[Referring expression grounding data]

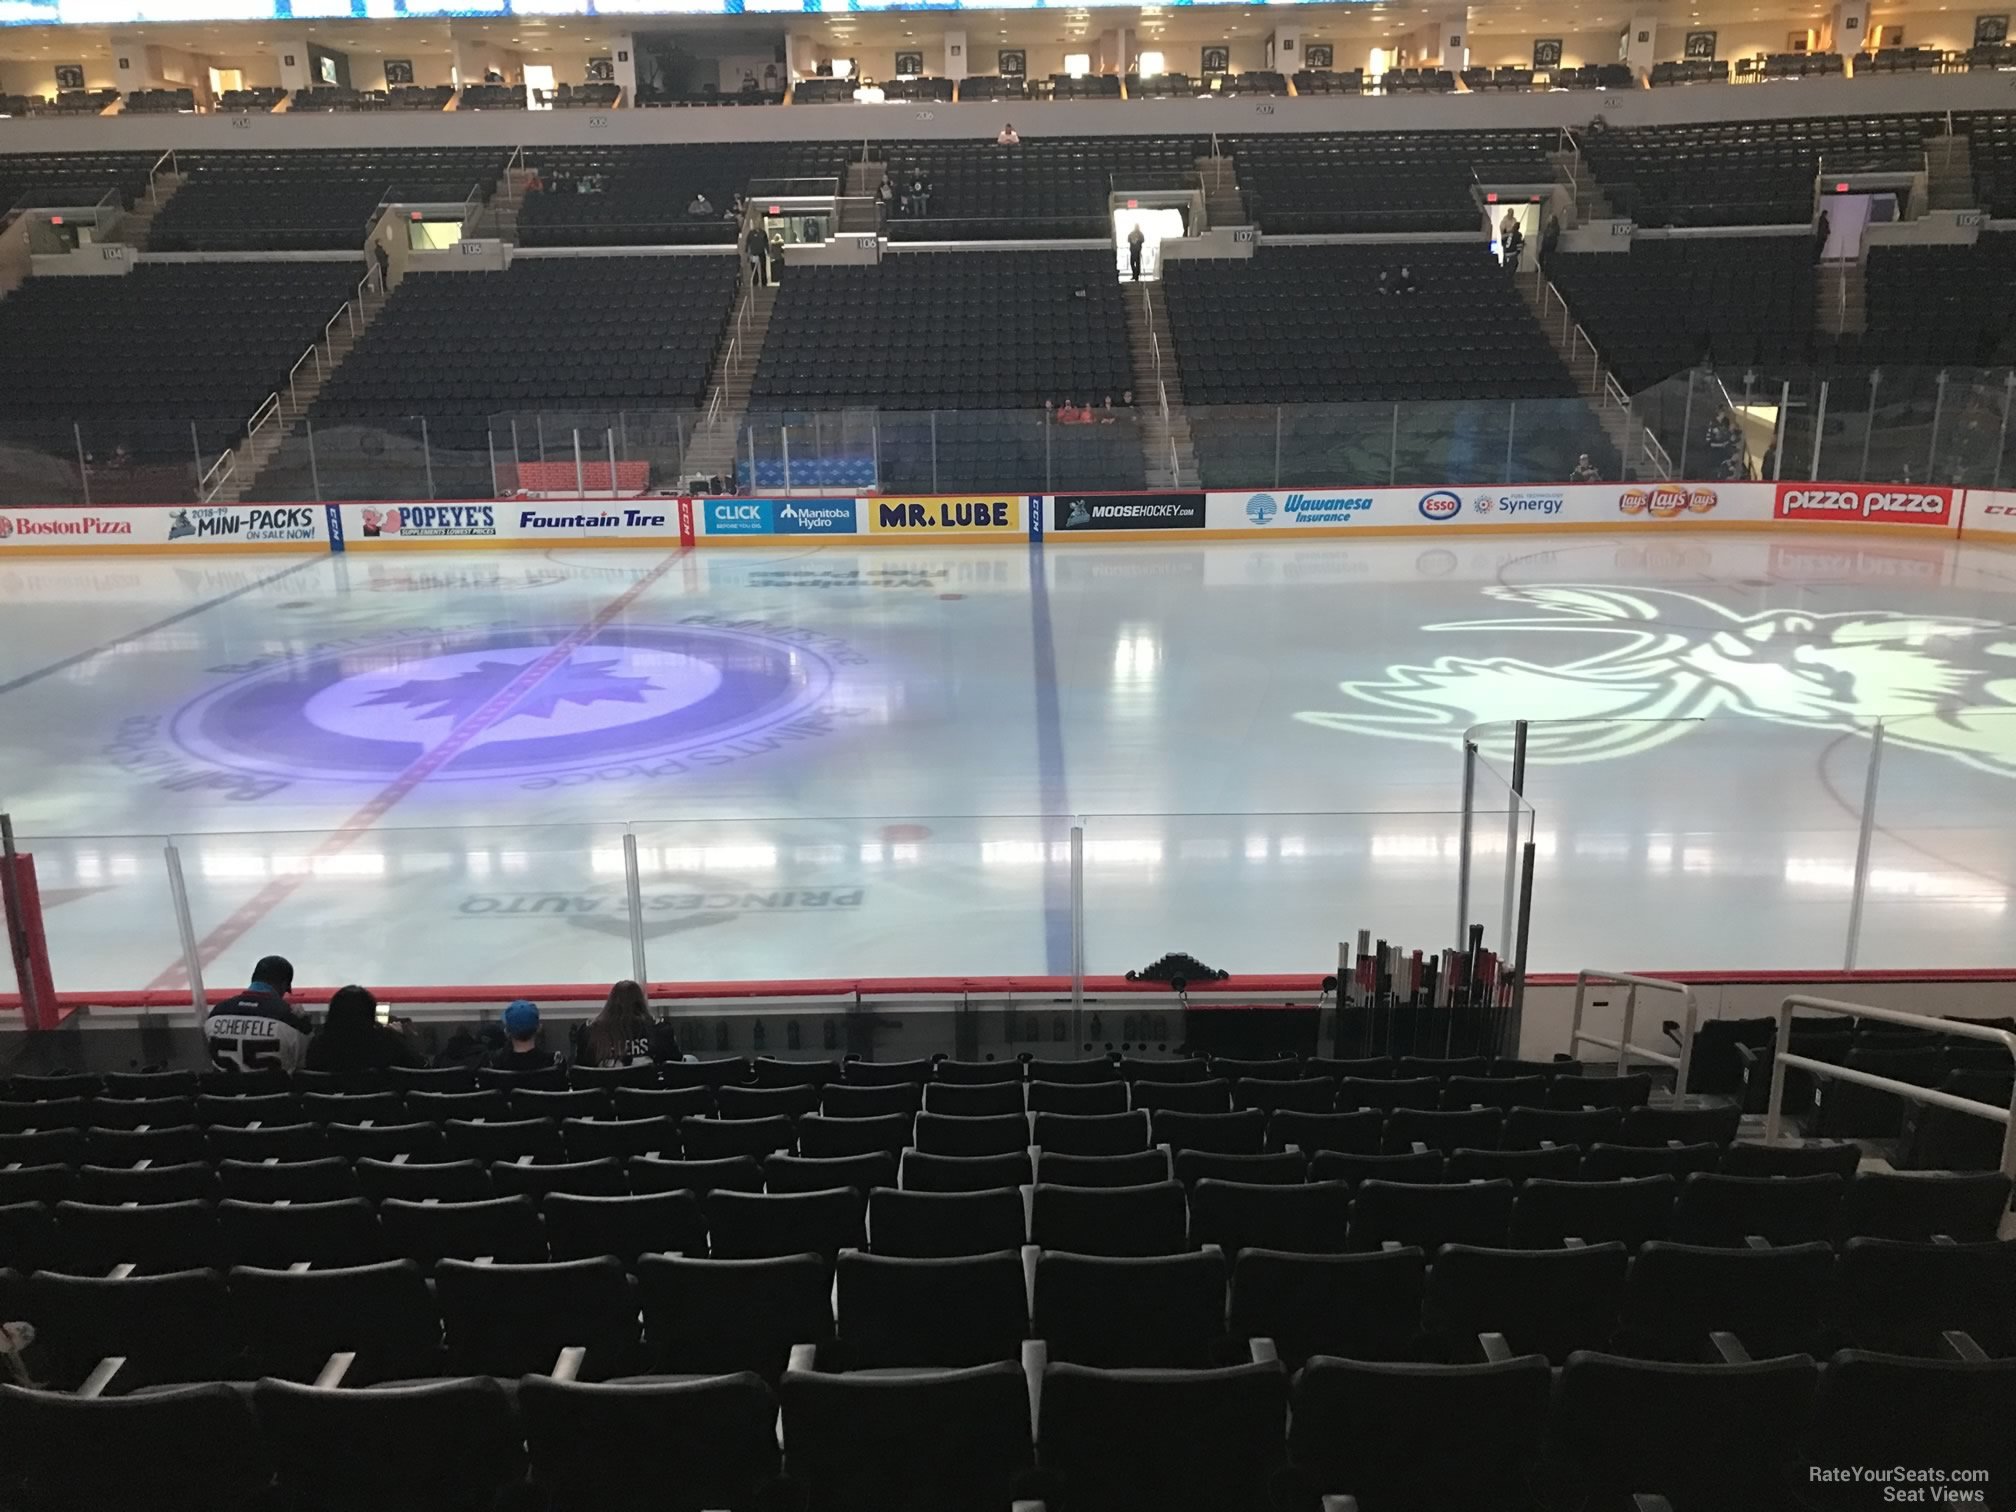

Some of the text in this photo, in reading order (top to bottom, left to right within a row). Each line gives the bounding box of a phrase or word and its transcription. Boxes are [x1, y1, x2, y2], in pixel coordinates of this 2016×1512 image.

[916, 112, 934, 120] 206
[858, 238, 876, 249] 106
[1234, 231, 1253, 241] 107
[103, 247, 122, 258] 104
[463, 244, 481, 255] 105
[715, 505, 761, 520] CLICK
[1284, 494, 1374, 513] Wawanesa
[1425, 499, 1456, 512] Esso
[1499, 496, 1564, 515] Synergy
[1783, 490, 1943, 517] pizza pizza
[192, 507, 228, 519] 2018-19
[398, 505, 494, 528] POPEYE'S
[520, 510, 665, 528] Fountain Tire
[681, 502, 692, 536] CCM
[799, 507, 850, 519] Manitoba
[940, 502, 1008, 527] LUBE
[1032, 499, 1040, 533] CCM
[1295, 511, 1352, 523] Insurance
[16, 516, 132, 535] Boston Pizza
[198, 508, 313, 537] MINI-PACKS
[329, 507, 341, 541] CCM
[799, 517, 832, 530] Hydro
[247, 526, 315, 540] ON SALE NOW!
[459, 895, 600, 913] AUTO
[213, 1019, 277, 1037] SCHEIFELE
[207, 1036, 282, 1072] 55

◆ Exercise requirements
Write out every record exactly. Leave the pictures out.

◆ Answer below
Some of the text in this photo, in reading order (top to bottom, left to right within a row). Each line gives the bounding box of a phrase or word and its transcription. Boxes are [x1, y1, x2, y2], in pixel coordinates of this 2016×1512 image.

[916, 112, 934, 120] 206
[858, 238, 876, 249] 106
[1234, 231, 1253, 241] 107
[103, 247, 122, 258] 104
[463, 244, 481, 255] 105
[715, 505, 761, 520] CLICK
[1284, 494, 1374, 513] Wawanesa
[1425, 499, 1456, 512] Esso
[1499, 496, 1564, 515] Synergy
[1783, 490, 1943, 517] pizza pizza
[192, 507, 228, 519] 2018-19
[398, 505, 494, 528] POPEYE'S
[520, 510, 665, 528] Fountain Tire
[681, 502, 692, 536] CCM
[799, 507, 850, 519] Manitoba
[940, 502, 1008, 527] LUBE
[1032, 499, 1040, 533] CCM
[1295, 511, 1352, 523] Insurance
[16, 516, 132, 535] Boston Pizza
[198, 508, 313, 537] MINI-PACKS
[329, 507, 341, 541] CCM
[799, 517, 832, 530] Hydro
[247, 526, 315, 540] ON SALE NOW!
[459, 895, 600, 913] AUTO
[213, 1019, 277, 1037] SCHEIFELE
[207, 1036, 282, 1072] 55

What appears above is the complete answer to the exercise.